Seria legal se eu também soubesse disso.
Você precisa usar a turquesa. Sempre.
Eu não iria reclamar desse fato.
Falando nisso, você não me explicou por que ela sumiu só de avistar a pedra.
A pedra a marca como sendo minha.
Rosnei. Eu não era de ninguém, menos ainda de Sawyer.
As narinas dele se inflaram, sem dúvida pelo cheiro de pura fúria que eu devia
estar exalando como fogo.
Relaxe, Phoenix, era o único jeito de manter você viva.
Deixe-me ver se entendi direito: se eu estiver com a turquesa, ela não pode me
matar?
Exatamente.
Então, eu sou invencível.
Ele balançou a cabeça com desdém.
Só porque ela não pode, não quer dizer que os outros não possam.

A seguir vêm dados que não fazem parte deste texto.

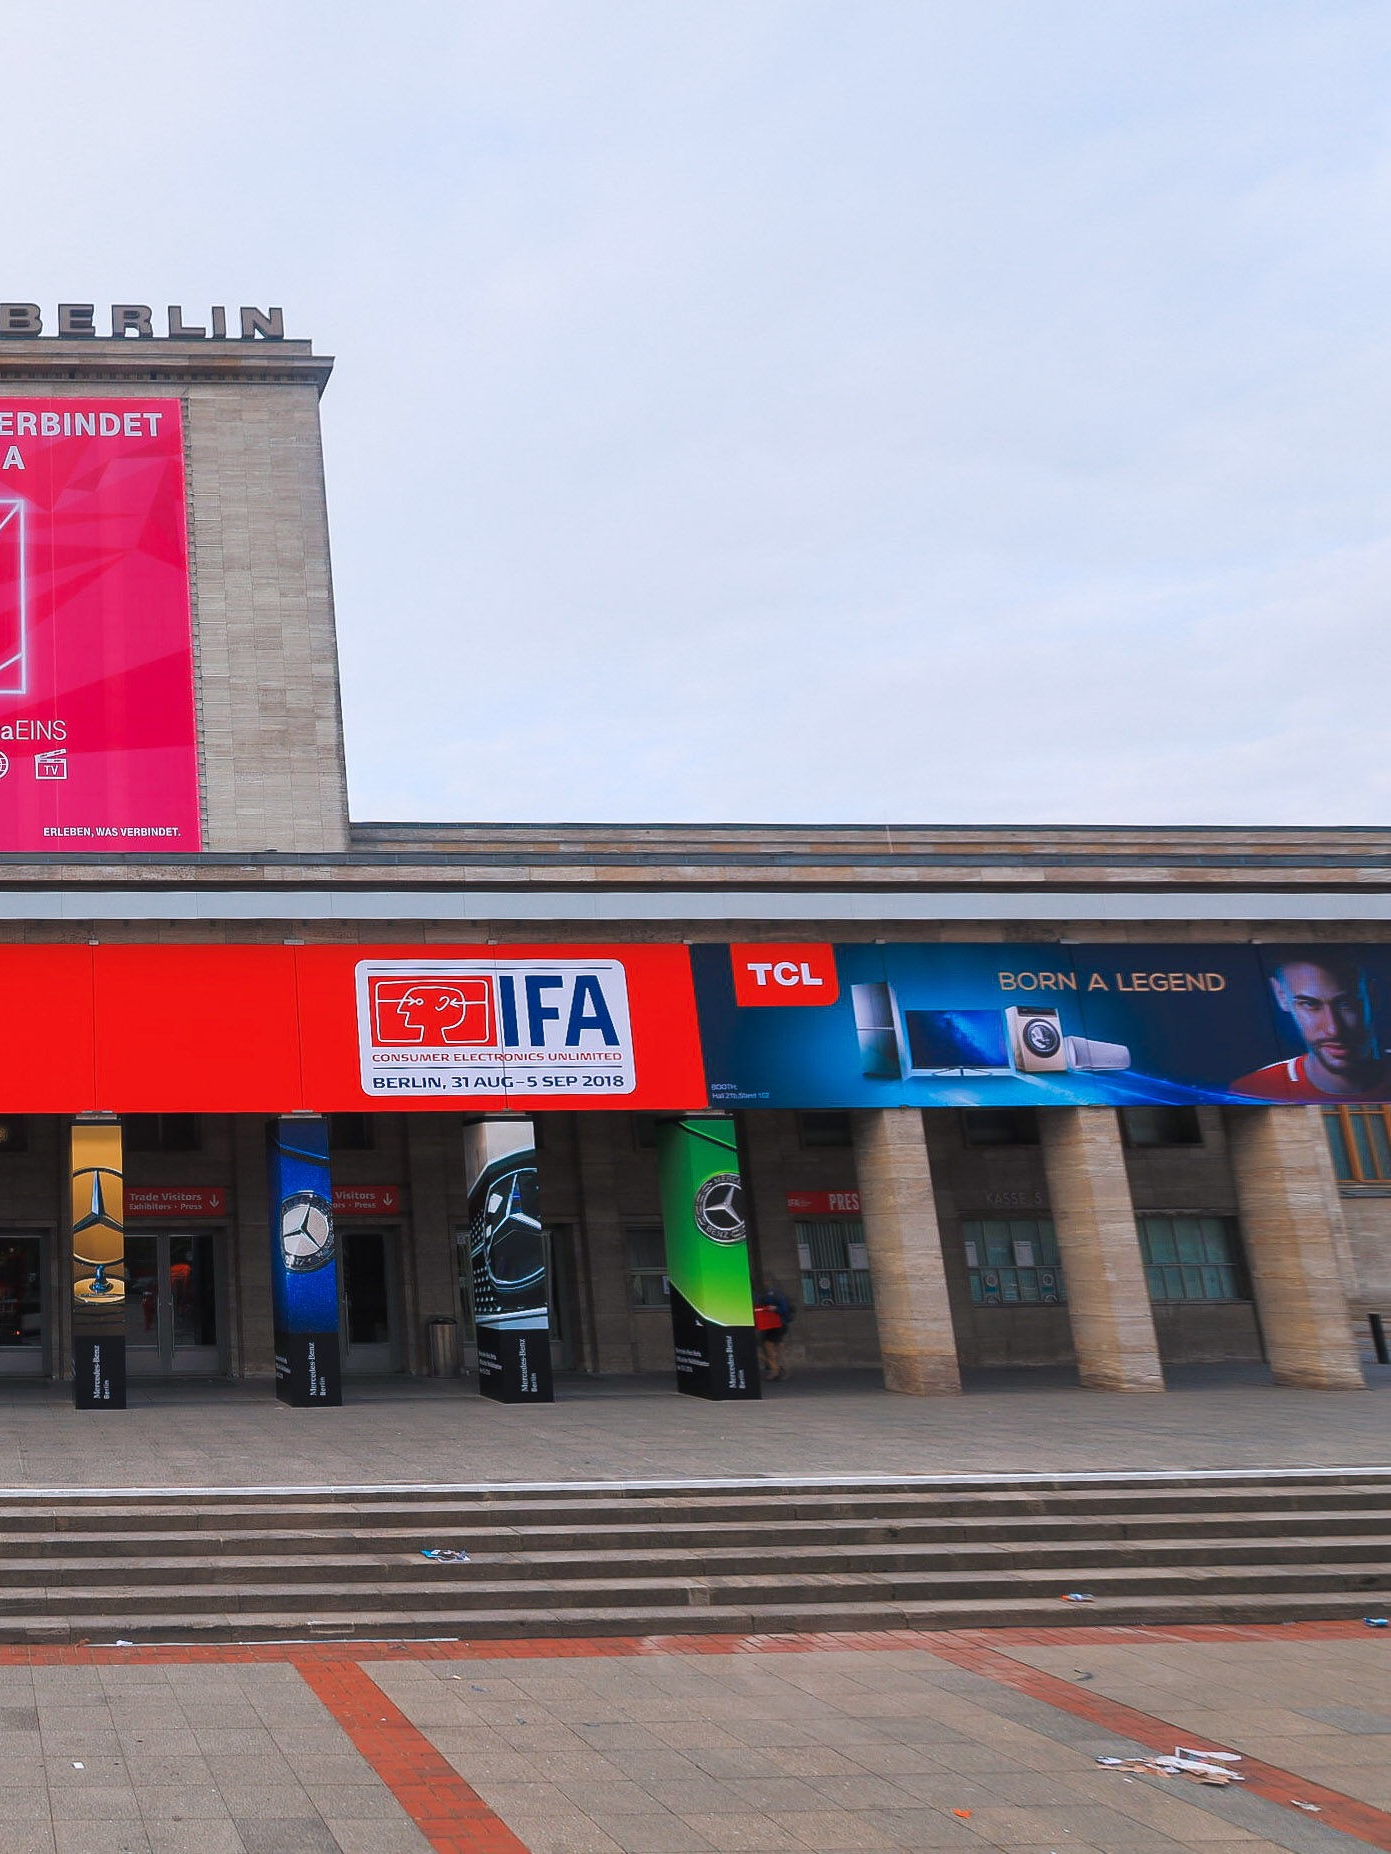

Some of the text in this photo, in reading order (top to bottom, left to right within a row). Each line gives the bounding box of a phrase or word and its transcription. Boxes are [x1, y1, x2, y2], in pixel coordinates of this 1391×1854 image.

[44, 765, 59, 775] TV
[43, 827, 181, 838] ERLEBEN, WAS VERBINDET.
[747, 962, 823, 986] TCL
[998, 972, 1226, 992] BORN A LEGEND
[499, 975, 620, 1047] IFA
[372, 1052, 622, 1062] CONSUMER ELECTRONICS UNLIMITED
[373, 1077, 447, 1090] BERLIN,
[451, 1077, 469, 1088] 31
[543, 1076, 578, 1087] SEP
[582, 1075, 624, 1087] 2018
[130, 1193, 202, 1201] Trade Visitors
[335, 1191, 376, 1199] Visitors
[829, 1193, 859, 1210] PRES
[93, 1345, 101, 1399] Mercedes-Benz
[308, 1342, 317, 1396] Mercedes-Benz
[519, 1339, 529, 1392] Mercedes-Benz

Raios. Ser invencível parecia muito bom, naquele momento.
Voltei à pergunta original.
O que aconteceu em Lake Vista?
Sawyer se deitou, apoiou o focinho nas patas e suspirou.
O que se podia esperar.
De que serve saber que eles estão vindo, se não pudermos impedi-los?
Teríamos conseguido, se não fosse por ela.
Aprumei as costas.
Ela planejou tudo?
Ou ela seguiu os luceres, ou os enviou.
Enviou?
Controlar os Nefilins era um poder do líder da trevas, e a mulher de fumaça não
podia ser isso até que me matasse. O que só havia feito depois da chegada dos luceres.
E mesmo assim...
O pelo da minha nuca se eriçou.
Ela me matou. Isso faz dela a nova líder da trevas?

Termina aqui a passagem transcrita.